今回は、東大に6点差落ちの慶應生の私が、2度目の受験をしなかった理由というのをお話していきます。

私は今慶應理工学部の2年生で、受験自体は2年前の高3の時に受けた1回のみです。

主に3つの要因で私は東大の2回目の受験をしないことに決めました。

さっそく経験談を元に詳しく書いていきます。



①諦め

2022年2月26日、東大入試が完全に終了し、
得意科目である数学は、少なくとも4完の手応えは確実にありましたし、他の科目も模試の感覚で言うと悪くありませんでした。

合格してるならギリギリで、不合格なら数点差、過去問と模試を通じて得たこの洗練された感覚が緊張を高めました。

もともと国公立は東大一本で行くと決めていたことと、慶應理工に合格していたこともあり、試験が終わったあとの十数日間は友達とご飯に行ったり、アニメをワンクール全部見てみたりと、高三になって初めて深呼吸が出来たような感覚でした。

3月10日、いよいよ合格発表の日です。
人生で1番時の流れが遅く感じ、合格発表が近づくに連れて心拍数が上がっていく感覚は今になっても忘れられません。

12:00になった頃、震える手を抑えながら東大のホームページにアクセスし、合格発表を見ました。

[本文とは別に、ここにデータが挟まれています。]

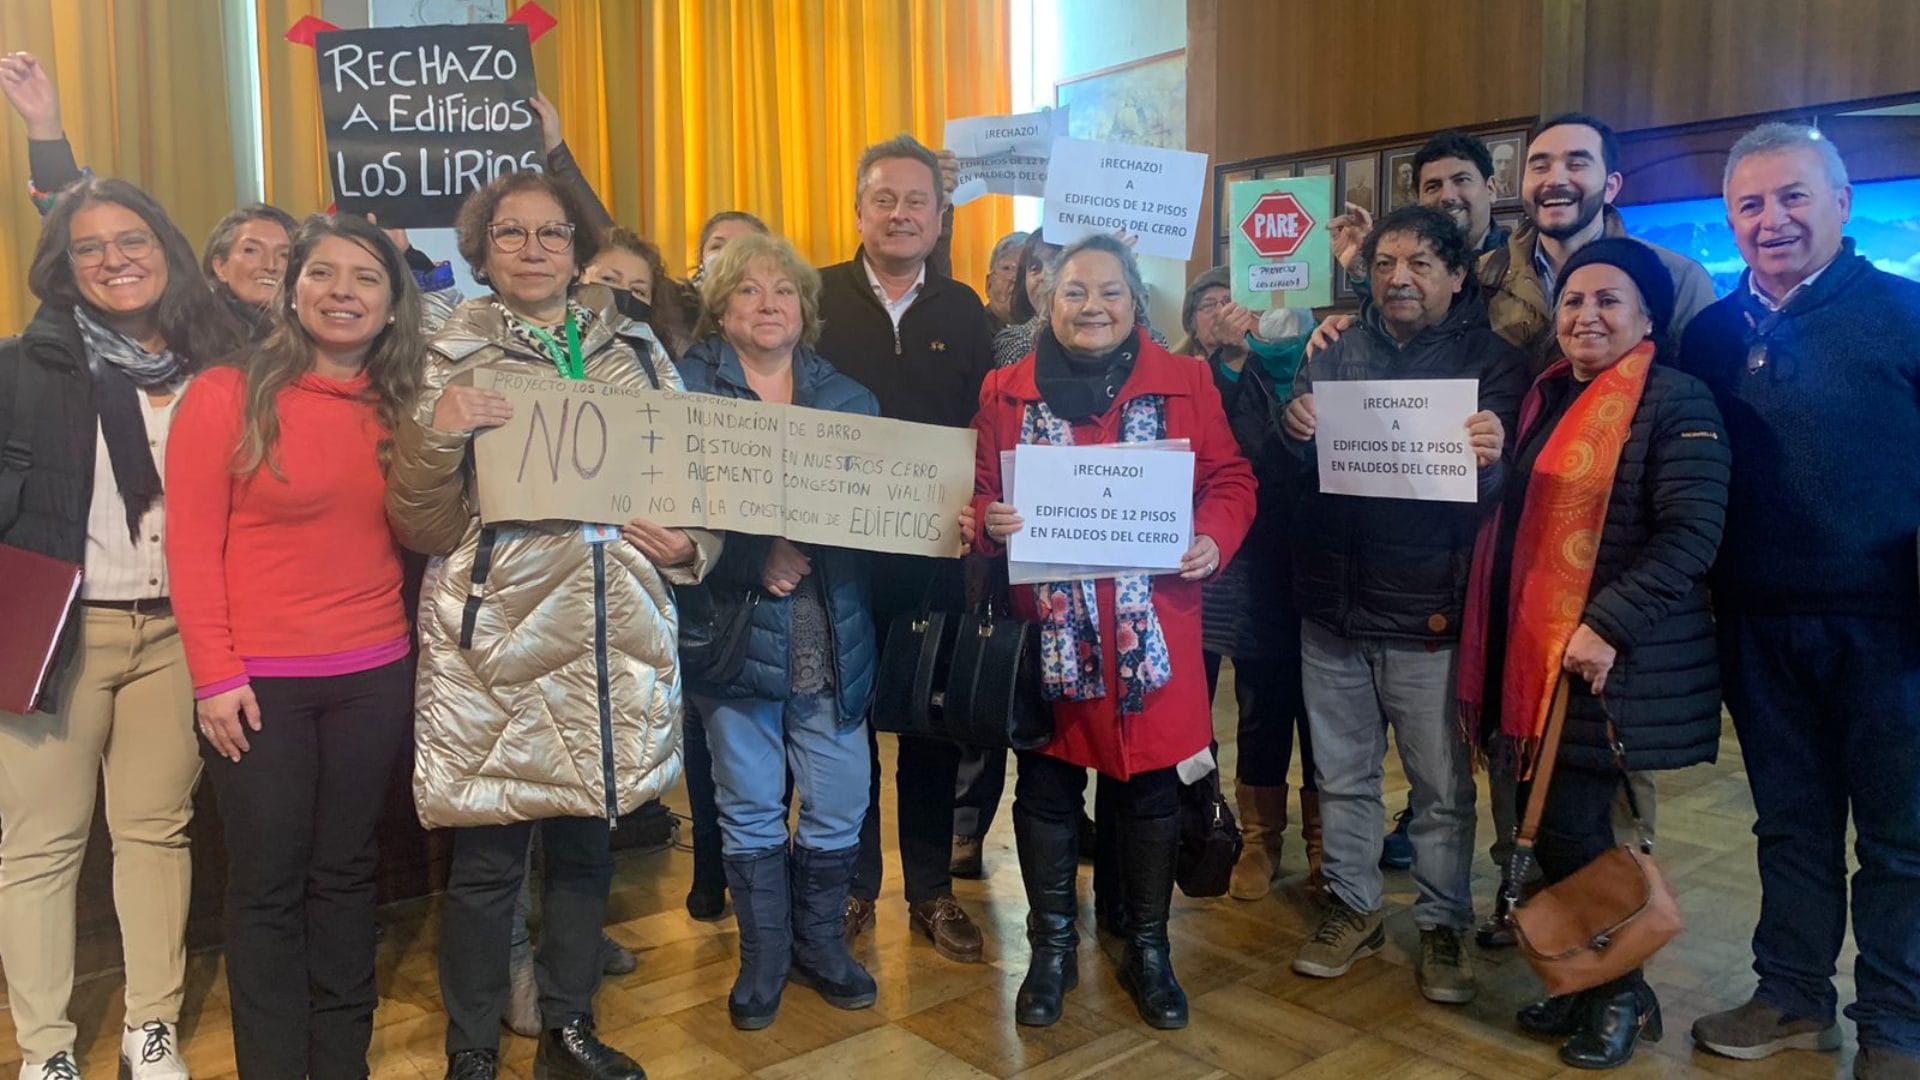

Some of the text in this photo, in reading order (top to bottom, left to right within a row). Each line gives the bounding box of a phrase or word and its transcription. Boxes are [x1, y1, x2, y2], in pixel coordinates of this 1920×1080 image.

[323, 43, 517, 93] RECHAZO
[342, 103, 379, 131] A
[985, 126, 1039, 139] ¡RECHAZO!
[1009, 145, 1017, 154] A
[1100, 158, 1163, 174] ¡RECHAZO!
[959, 174, 972, 185] EN
[1125, 179, 1135, 190] A
[1065, 193, 1188, 218] EDIFICIOS DE 12 PISOS
[1058, 212, 1187, 238] EN FALDEOS DEL CERRO
[1254, 212, 1299, 239] PARE
[493, 371, 567, 393] PROYECTO
[572, 382, 596, 394] LOS
[602, 386, 641, 398] LIRIOS
[1363, 397, 1429, 410] ¡RECHAZO!
[788, 421, 806, 437] DE
[816, 421, 862, 442] BARRO
[1391, 419, 1400, 430] A
[517, 398, 607, 485] NO
[1333, 440, 1463, 454] EDIFICIOS DE 12 PISOS
[781, 448, 797, 467] EN
[890, 460, 939, 479] CERRO
[1073, 464, 1144, 478] ¡RECHAZO!
[1331, 460, 1467, 477] EN FALDEOS DEL CERRO
[782, 472, 871, 497] CONGESTION
[887, 484, 920, 502] VIAL
[1102, 487, 1112, 498] A
[611, 494, 632, 513] NO
[649, 497, 676, 514] NO
[691, 497, 702, 514] A
[709, 499, 726, 515] LA
[824, 512, 841, 527] DE
[1036, 505, 1177, 523] EDIFICIOS DE 12 PISOS
[1030, 526, 1180, 544] EN FALDEOS DEL CERRO

今想像するだけでも震えそうです。

結果は不合格。(開示の結果は6点差落ち。実家に開示が置いてあるのでまた別の機会にでも載せます。)

予備校に通わずただひたすら1人で戦ってきた1年間。もっと言えば高校3年間。
クラスメイトの鉄緑会のテキストや東大特進のテキストを横目に市販の参考書を開く自分、学費で生活を切り詰めていながらも毎日笑顔で送り出してくれた母の姿や、1年間A判定を維持し続けることのプレッシャー、色んな感情が一気に降り注ぐようで、

少し、というかかなり期待していたせいもあって、その時の私は現実を受け止めきれずただ泣き崩れることしか出来ませんでした。

それから一日をかけてこれからの事を考えました。

慶應に進学か、浪人か。

浪人の場合は家計の都合上、宅浪(予備校に通わず、自宅で浪人すること)一択でした。

しかし決め手となったのは金銭面ではなく、自分の能力に限界を感じていたことでした。


私は超先取り型で、高校1年生の頃から本格的に受験勉強を開始しました。
これは中学受験の時に学んだことで、周りと比べて私だけ伸びが遅く、最後の最後で滑り込んだという経験から早めに勉強を始めました。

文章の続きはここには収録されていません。